People like our designs, and we have an interesting brand portfolio. Luxury still counts, but I think in China a large sector of the population will be interested in the mid-range. Price matters too! Our prices go from 75 francs for brands such as Adidas or Fossil, up to above 2,000 francs for Burberry and Emporio Armani.”
SMART WATCHES ON THE HORIZON
The brands in the Fossil Group catalogue are present in around 30,000 points of sale worldwide. “Ideally, we will go to our retailers with a package of brands from our portfolio. But we don’t impose it as a sine qua non condition for getting hold of one of our brands. We use persuasion instead!”
Of all the watchmaking groups, Fossil is probably the one that has most clearly advertised its ambitions in terms of smart watches. Closer to Silicon Valley than its Swiss counterparts, a more recent incomer to the watch business, but also in the front line thanks to its entry- and mid-level positioning, the group would be foolish not to take an interest. It has already concluded partnerships with Intel and Google, the initial results of which will be presented at Baselworld.
The group is also talking more specifically about ‘smart accessories’. “There is huge potential, because people are looking for more interactivity,” notes Martin Frey. Let’s see what Baselworld holds.
TENS OF MILLIONS OF FRANCS INVESTED IN SWITZERLAND
Pending the smart watch’s debut, the last big milestone reached by the watchmaking group was the creation in 2012 of its first Swiss made calibre, the STP1-11, assembled in its Manno factory in Ticino.
This strategy was dictated partly by Swatch Group’s decision to scale back deliveries of components. “But it wasn’t just that,” insists Martin Frey. “If we hope to become a major player in the Swiss made sector over the long term, we have no choice but to produce our own movements.” Some of these calibres have already been delivered to third parties, “although we don’t aggressively promote this activity,” says Frey.
The potential ramifications of the new ‘Swissness’ law were also a factor in this strategic decision. In Glovelier in the Jura, Fossil Group already makes cases and movement parts such as rotors. The factory is about to grow: by next year it should house 100 employees (compared with 20 today), in a surface area four times what it is today. In the midst of the strong franc crisis, when China is in slowdown and staff are being put on short hours, it’s quite a bold decision. Only the financial clout of a watchmaking giant could make it possible. Fossil Group, which is also preparing to launch some women’s movements, “is thinking in the long term about adding complications to the STP1-11.”

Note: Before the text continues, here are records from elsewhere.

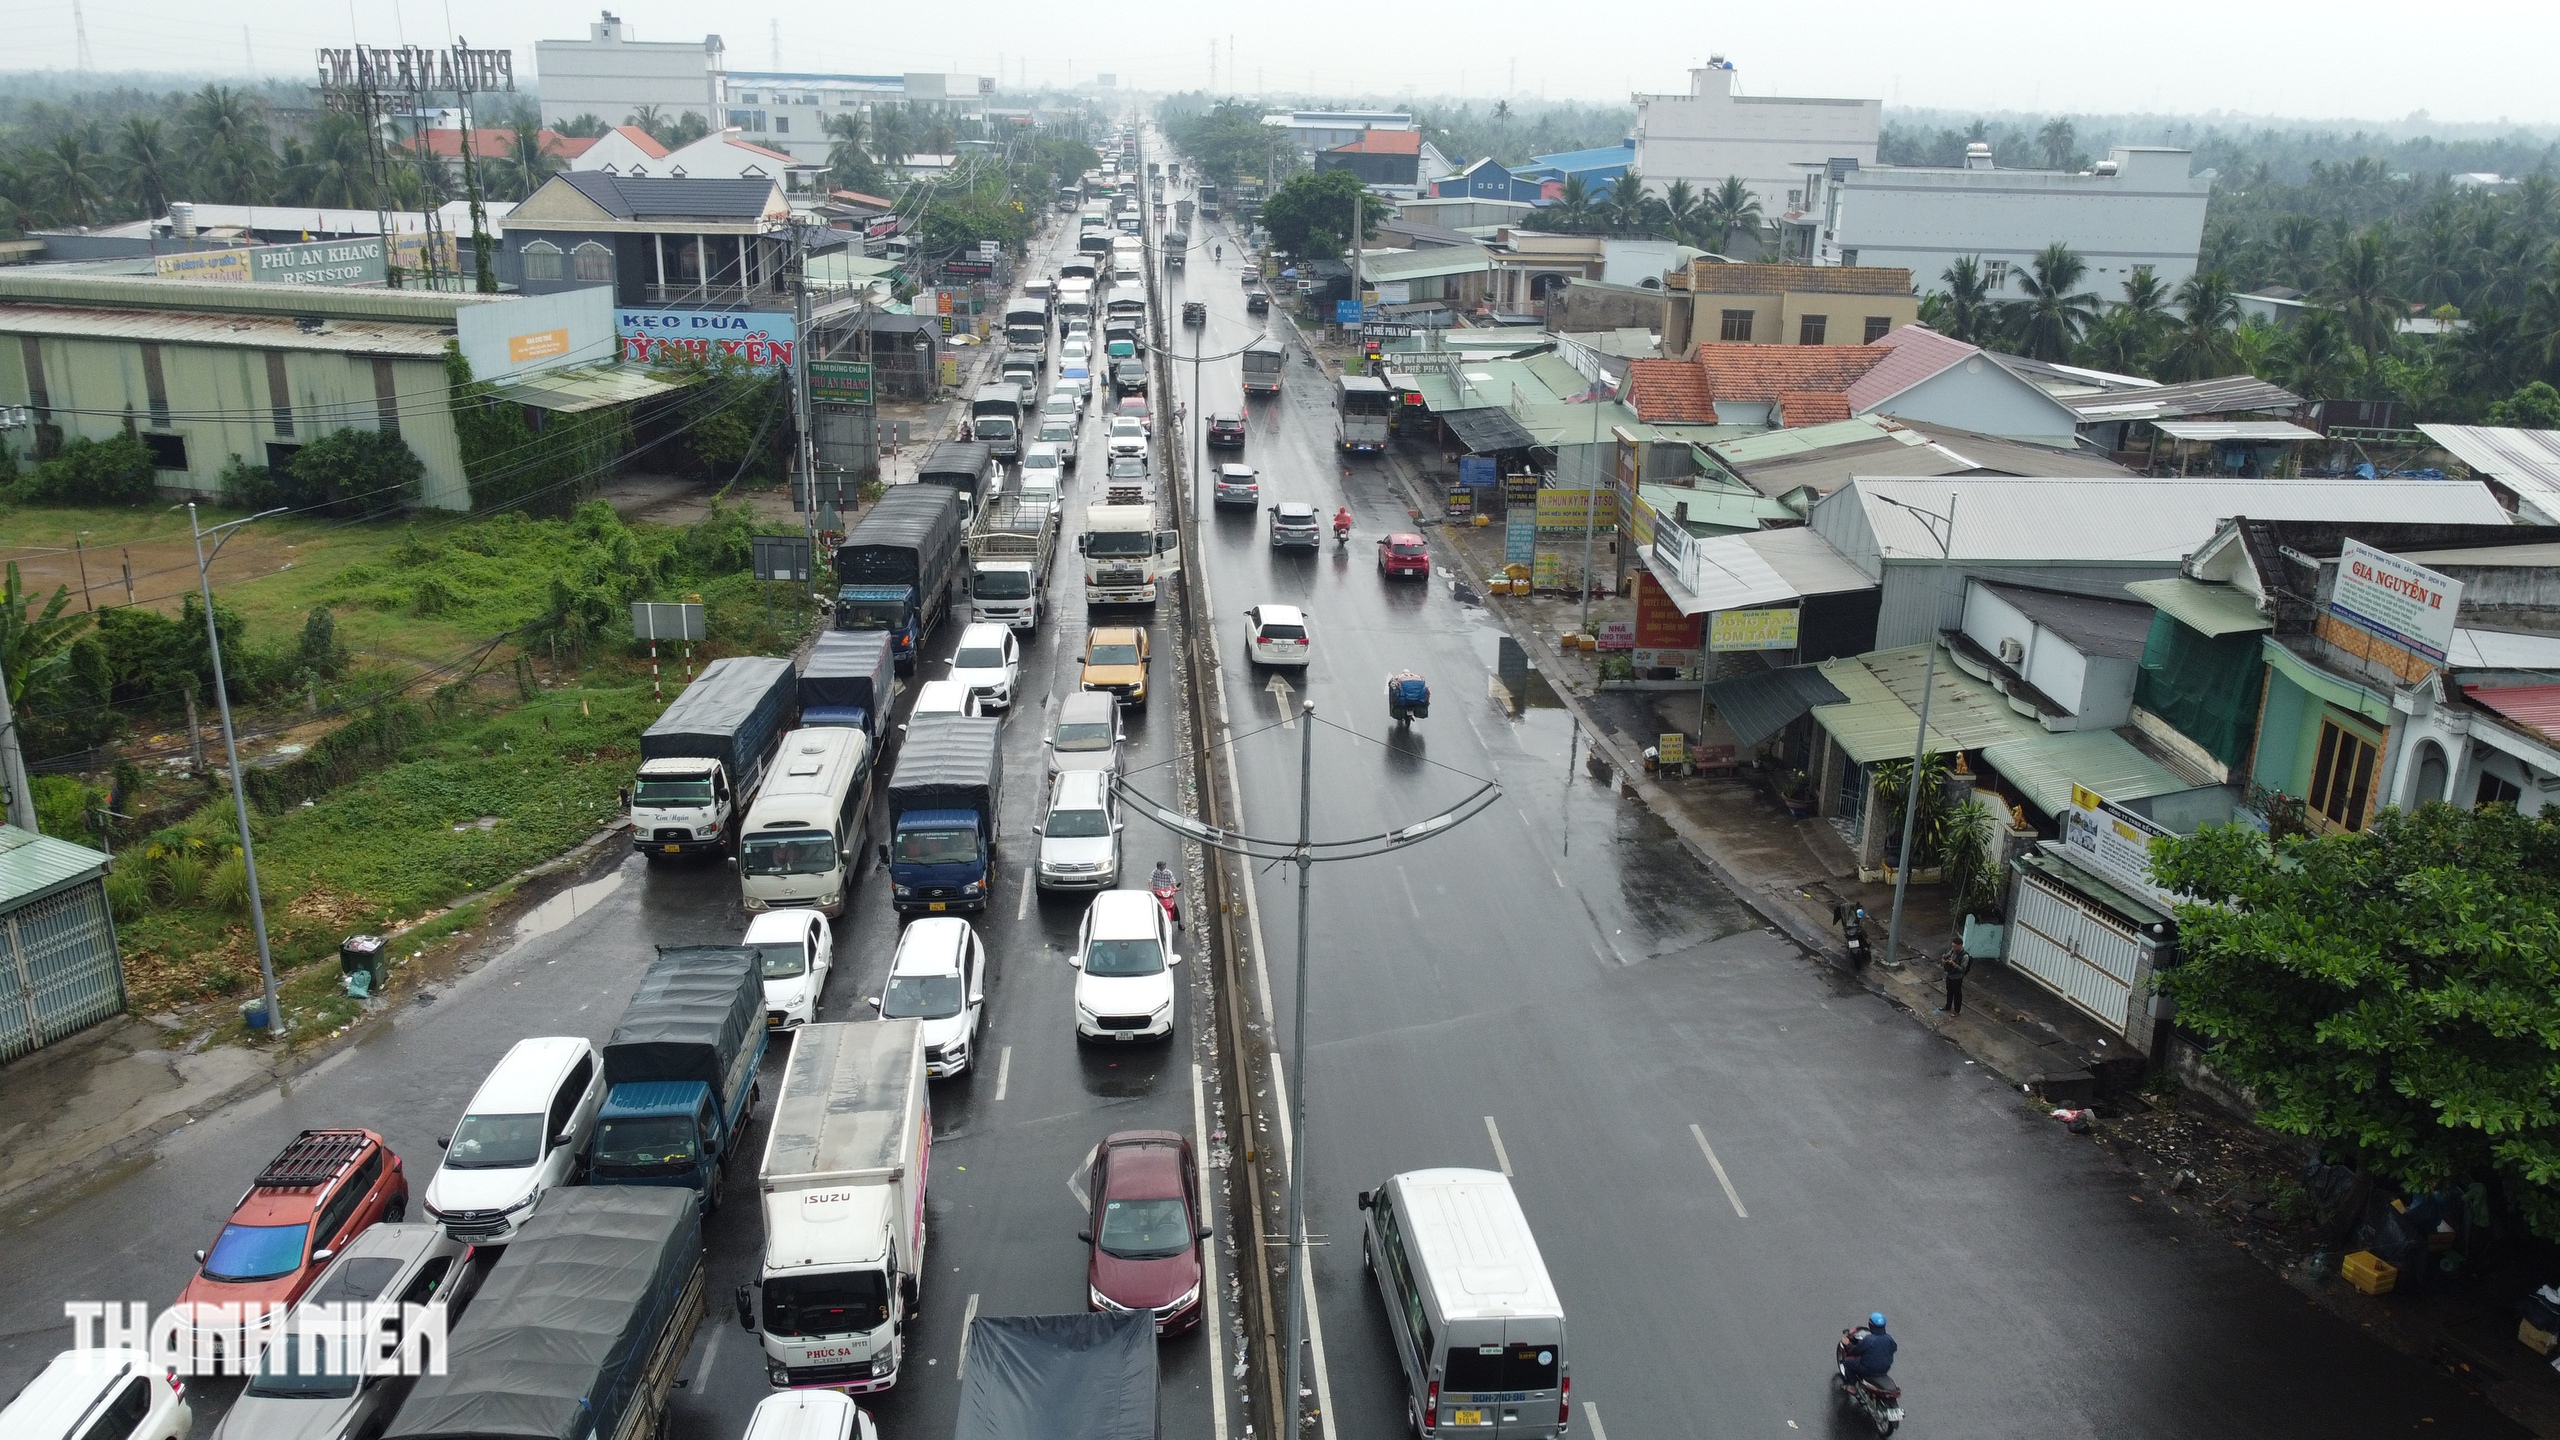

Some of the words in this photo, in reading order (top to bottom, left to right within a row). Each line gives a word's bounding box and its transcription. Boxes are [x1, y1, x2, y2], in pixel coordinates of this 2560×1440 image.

[260, 248, 295, 269] PHÚ
[300, 250, 322, 266] AN
[327, 243, 379, 263] KHANG
[282, 265, 363, 284] RESTSTOP
[622, 315, 681, 330] KẸO
[691, 314, 749, 330] DỪA
[1364, 325, 1373, 336] CÀ
[1385, 327, 1397, 336] PHA
[1397, 326, 1411, 337] MÁY
[718, 331, 795, 368] YẾN
[811, 364, 829, 373] TRẠM
[1423, 365, 1440, 373] PHA
[809, 374, 826, 388] PHÚ
[828, 377, 839, 389] AN
[840, 377, 869, 391] KHANG
[2352, 561, 2373, 581] GIA
[2375, 570, 2429, 603] NGUYỄN
[1608, 624, 1626, 633] NHÀ
[1615, 631, 1633, 640] THUÊ
[804, 1193, 851, 1204] ISUZU
[806, 1346, 835, 1359] PHÚC
[837, 1348, 851, 1357] SA
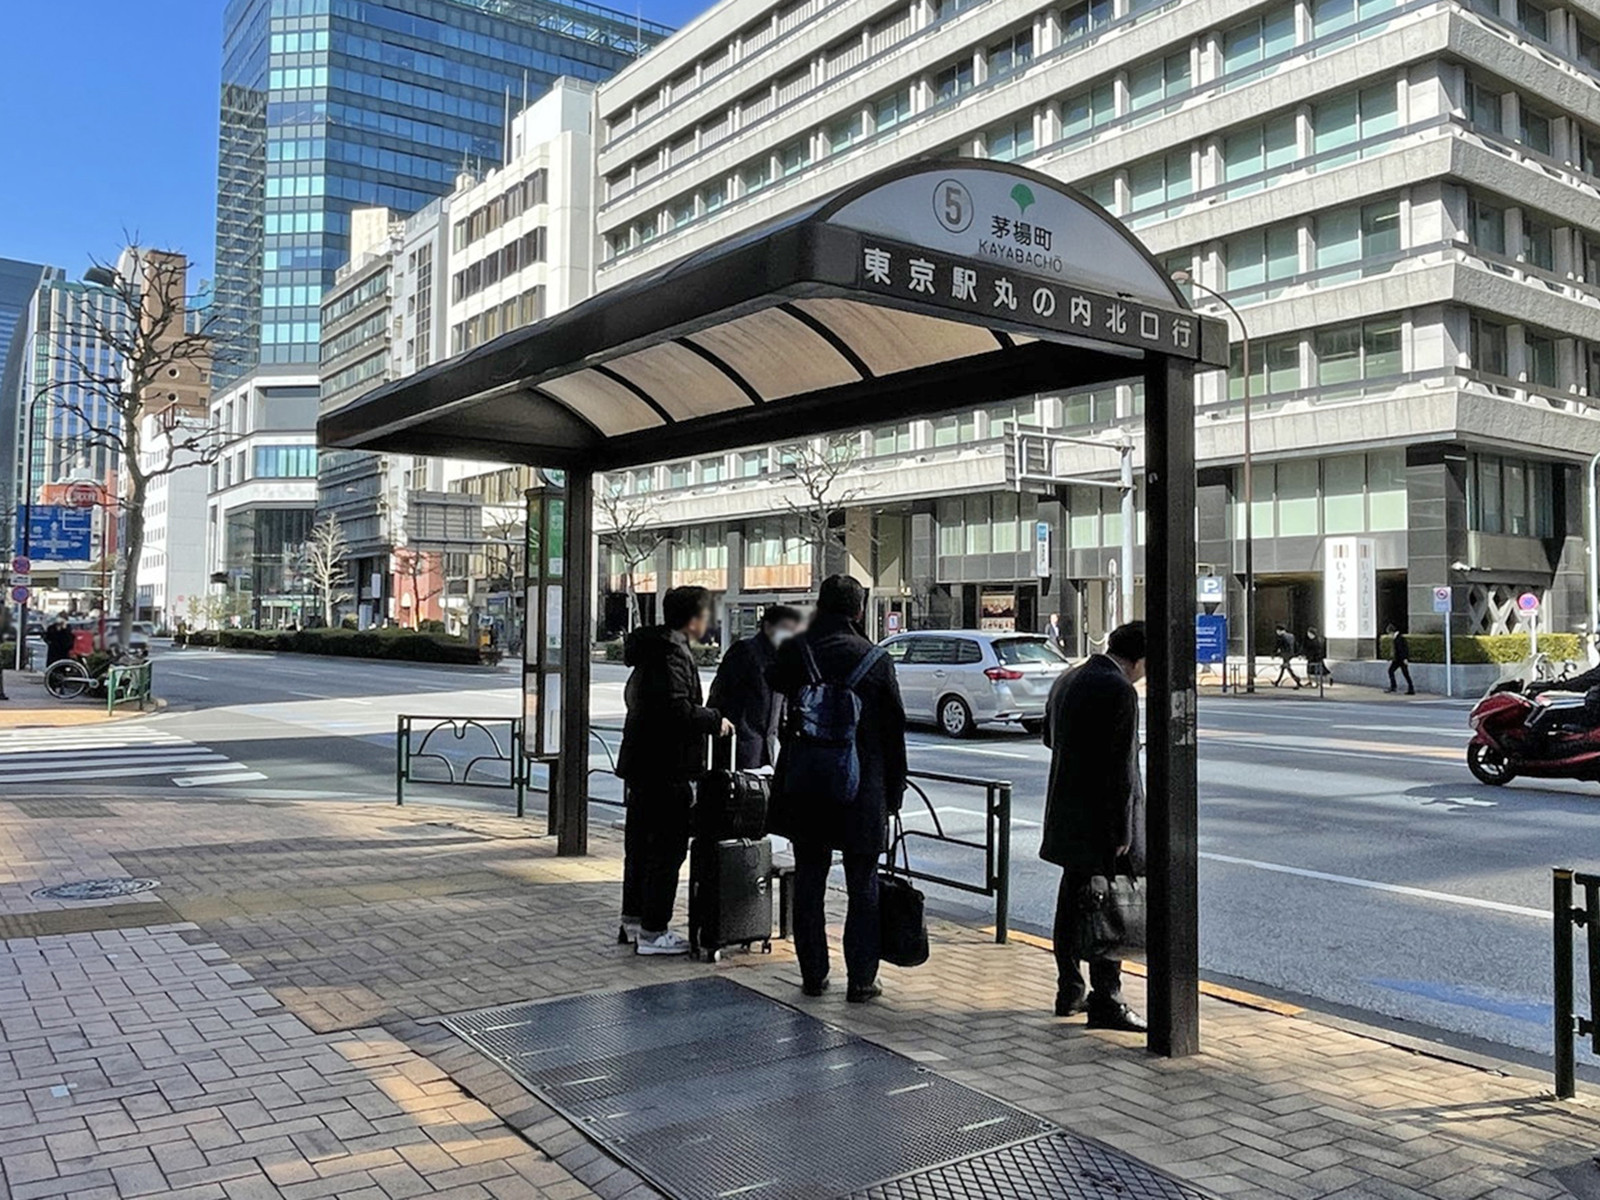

When it is not equipping its Swiss made watches with in-house calibres, the group, which employs around 400 people in Switzerland (and more than 15,000 worldwide), calls upon Soprod, Dubois-Dépraz and Technotime to supply its automatic movements, with Ronda for quartz. Other brands in its portfolio will in the future include Swiss made watches, according to Martin Frey. “But we must be very careful about the quality of our products. As we are newcomers to the Swiss made business, we can’t afford to make mistakes!”
The giant is firmly established in Switzerland. Its new 10,000 m2 Basel headquarters, currently under construction, will house around 350 employees beginning from next year. And it can’t be a bad thing, being so close to Baselworld...
These technical and administrative investments in the cradle of watchmaking should, in the medium term, amount to several tens of millions of francs.